By 1863, the camels had been sold off or “released into the desert where they became feral.” A Syrian camel driver hired by the army, Hadji Ali (“Hi Jolly” to locals), married a woman from Tucson and worked as a miner in Quartzsite, Arizona. After his death in the 1930s, the government of Arizona memorialized Ali by building “a small pyramid topped by a metal camel on his gravesite.”

A century later, Quartzsite has become a popular destination for snowbirds and their RVs. In their essay, AUDC make the case that RVs are postindustrial camels, stripped of the slightly awkward task of being soldiers. The trade of rocks—not all precious and not all quartz, but all you can find in Quartzsite, apparently—has become the town economy. The authors point out:

Often obtained from the surrounding mountains during leisurely hikes and having had minimal labor applied to their retrieval and processing, Quartzsite’s rocks circumvent any notion of labor or scarcity in economy. Nor are these rocks useful. At Quartzsite, the markets teach us of a new nomadic way of life beyond any idea of affluence or material desire. Instead, the products sold at Quartzsite’s markets are bought and sold to facilitate social relationships, not because they are needed or desired.

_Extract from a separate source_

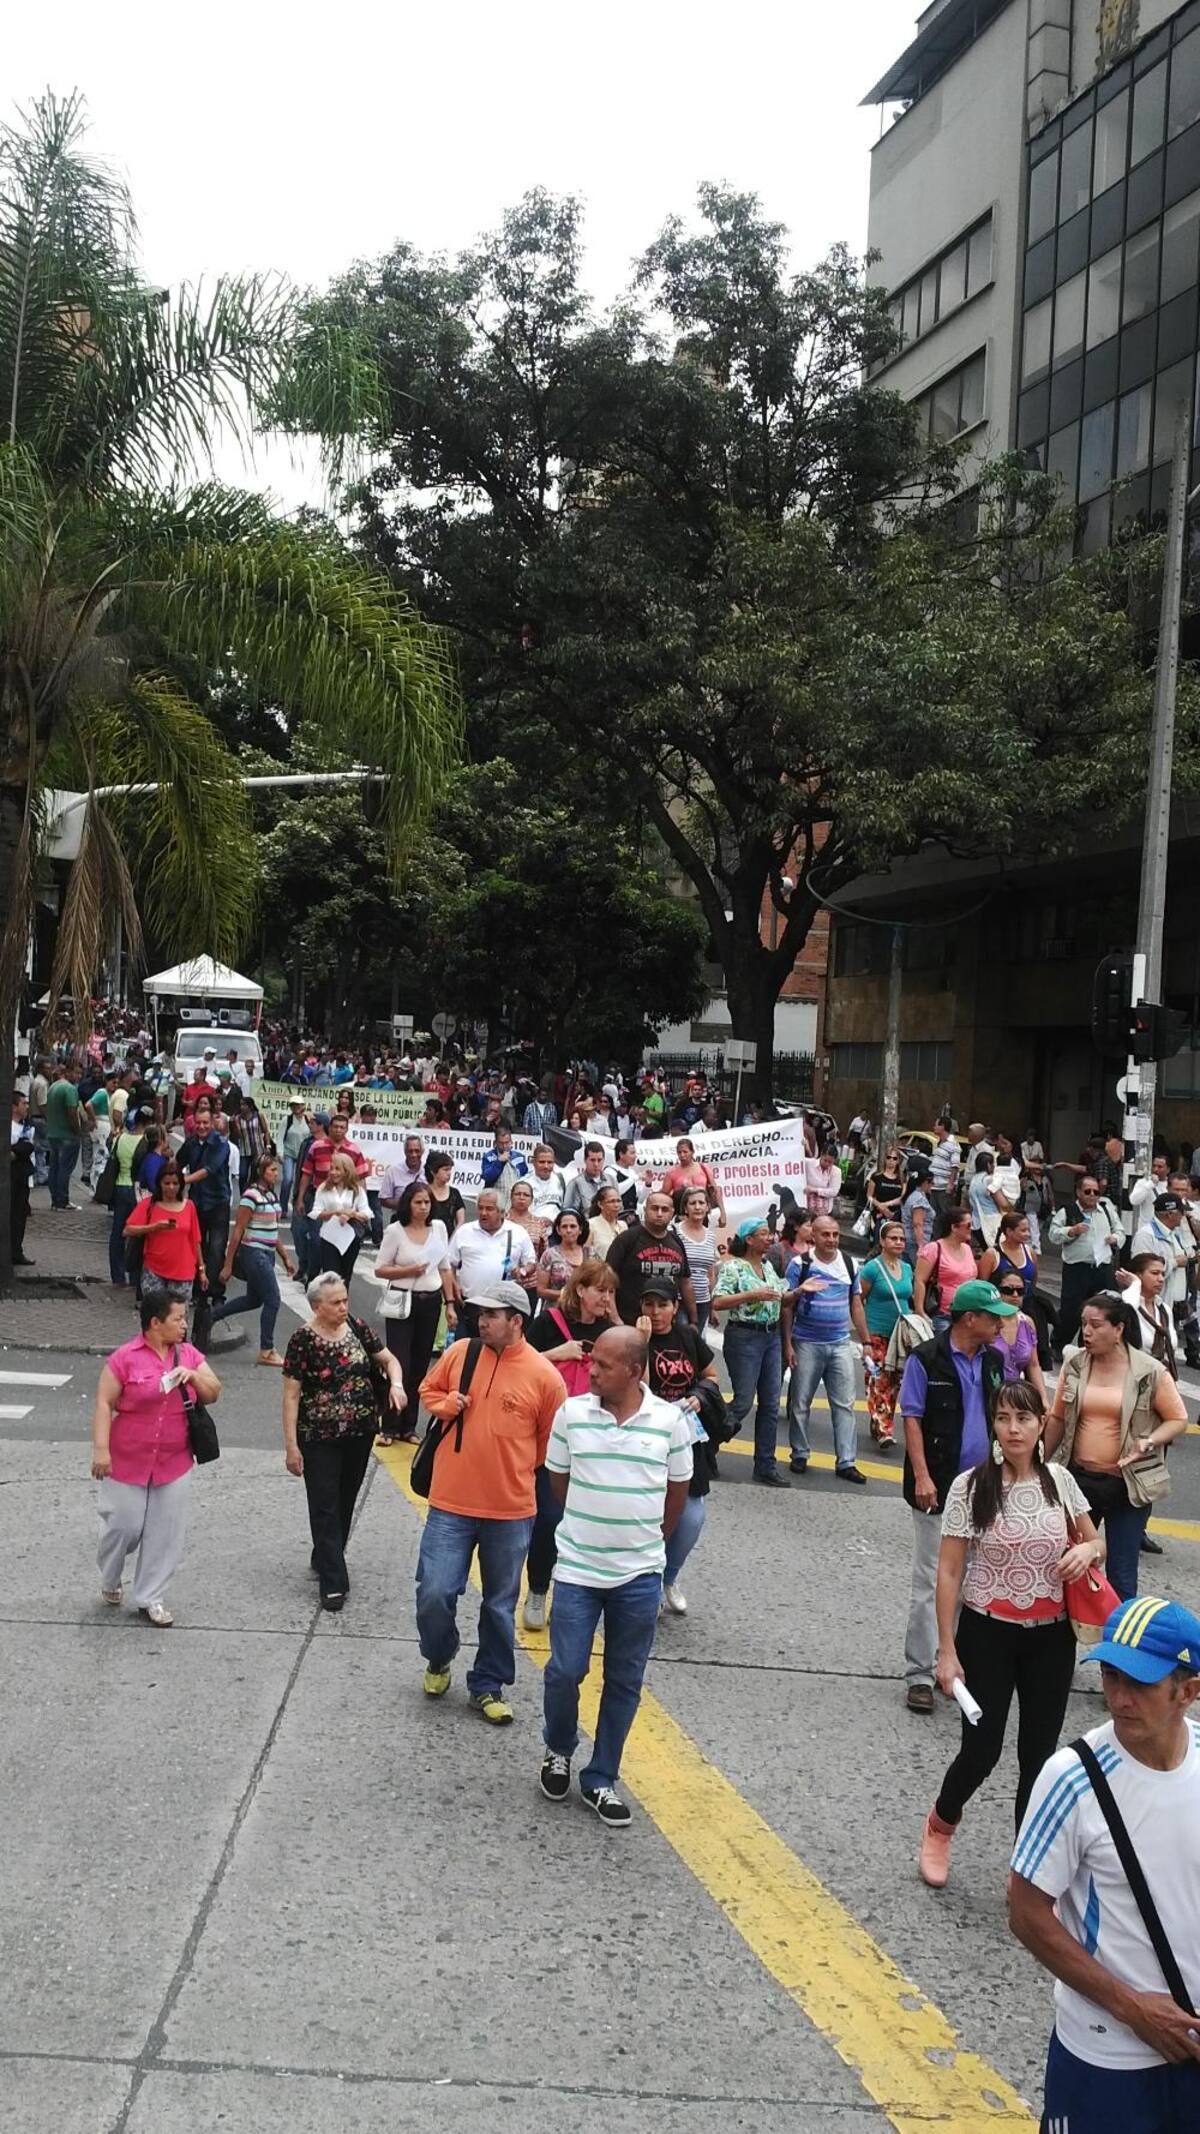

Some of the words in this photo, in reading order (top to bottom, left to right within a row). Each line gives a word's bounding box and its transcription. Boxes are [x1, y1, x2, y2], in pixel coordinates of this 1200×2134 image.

This is strong and basic language, an inviting way to bring a reader into the challenge of nomadic possibility and the omnipresence of exchange value. To end the essay, and to ground it in the academic soil, the authors follow with

Karl Marx wrote that the social character of a producer’s labor is only expressed through the exchange of commodities. But if there is no labor to speak of involved in bringing these valueless rocks to sale, exchanging them is a way for Quartzsite’s winter visitors to remind each other that they have escaped the capitalist system into a world in which they are nothing, making nothing, and do not need to labor.

This, of course, would be too pat a parallel for Cabinet, and it would ignore the vibrant links the journal has established with so many artistic communities. But it speaks to the strength of the magazine’s work, and Quartzsite hints at Cabinet’s ability to exist in a valley between mountains, quietly redefining value, beyond the law.


Sasha Frere-Jones is a staff writer at the New Yorker.